This forced the Feds to try another tactic to take Gambino off the streets. In 1966 the government had issued a deportation order on Gambino, but for some reason the order was never implemented. In early 1971, after Gambino's wife Catherine had died of cancer, the Feds did indeed try to implement this order, but on hearing about his imminent danger, the wily Gambino faked a serious heart attack. The Feds were incensed at Gambino's ploy, so they had the U.S. Public Health Service give Gambino a complete physical. The Feds were aghast when it was determined that Gambino indeed had a severe heart condition. This was confirmed in 1972, when Gambino was rushed from his home at 2230 Ocean Parkway, in Brooklyn, to the Columbus Hospital in Manhattan with a massive heart attack. Why a hospital in Brooklyn was not suitable for Gambino was never revealed.

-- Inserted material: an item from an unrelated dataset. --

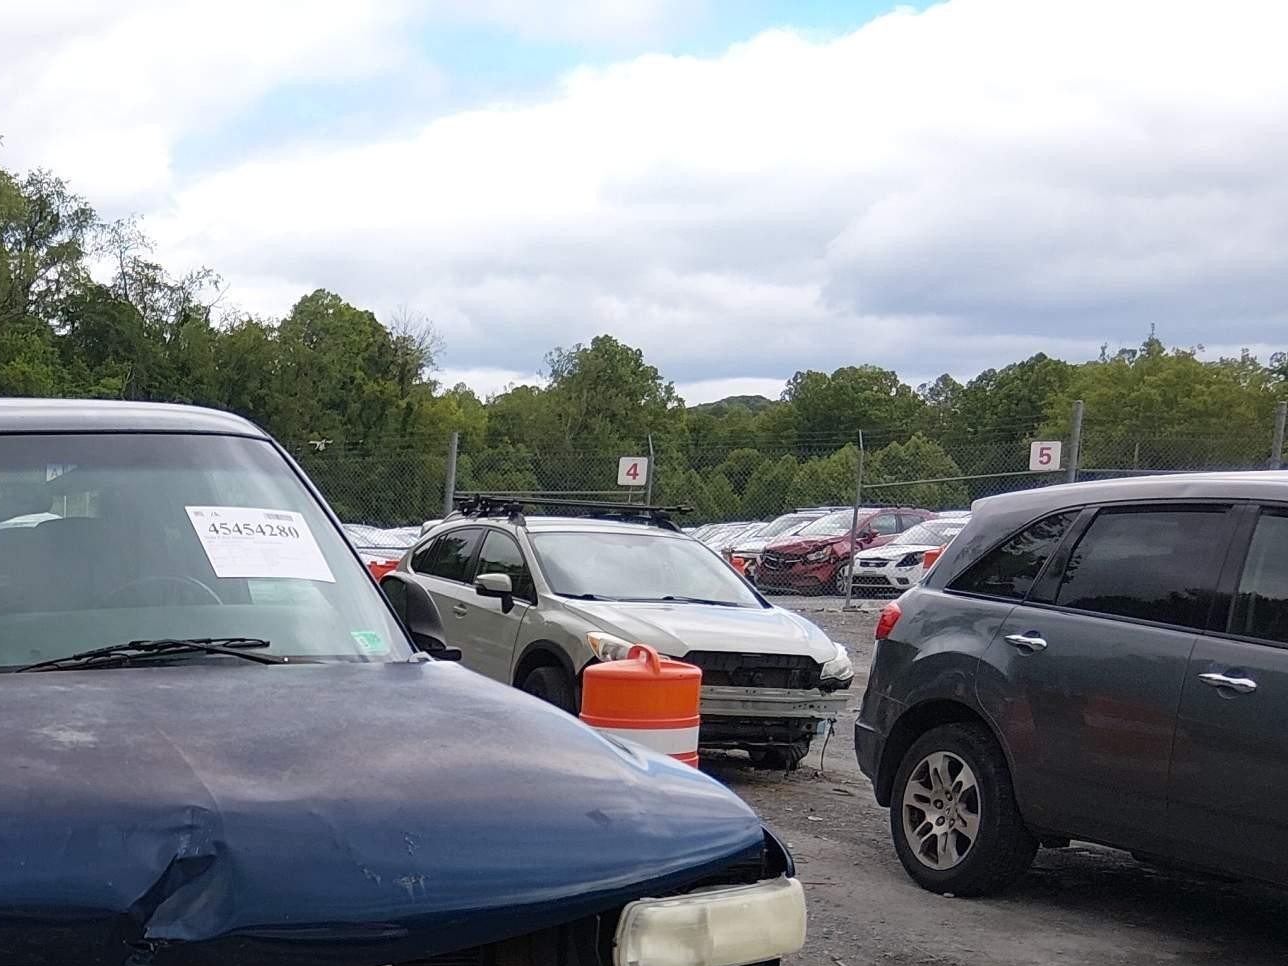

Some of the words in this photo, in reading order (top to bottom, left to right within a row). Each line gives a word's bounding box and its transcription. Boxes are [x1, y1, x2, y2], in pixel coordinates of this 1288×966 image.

While recuperating at home, Gambino broke one of the laws he decreed himself — "Deal Drugs and Die." Acting Genovese boss Thomas "Tommy Ryan" Eboli approached Gambino with a "can't miss" proposition to broker a multi-million dollar drug deal with Louis Civillo, considered by the Feds to be the biggest narcotics dealer in America. The problem was, Eboli, a former boxing manager and notoriously bad gambler, did not have the $4 million needed to proceed with the operation. Gambino fronted Eboli the $4 million, but he lost it all when the Feds arrested Civillo, and confiscated the drugs and money. When Gambino approached Eboli about his missing $4 million, Eboli turned his pockets inside out, indicating he was flat broke.


This did not please Gambino too much. As a result, at approximately 1 a.m., on July 16, 1972, Eboli was shot five times while he was leaving his girlfriend's apartment in Crown Heights, Brooklyn. Eboli died on the spot, and Gambino had enough influence in the Mafia Commission to order that his close pal, Genovese captain Frank "Funzi" Tieri, would now be the new boss of the Genovese Family. And so it was done.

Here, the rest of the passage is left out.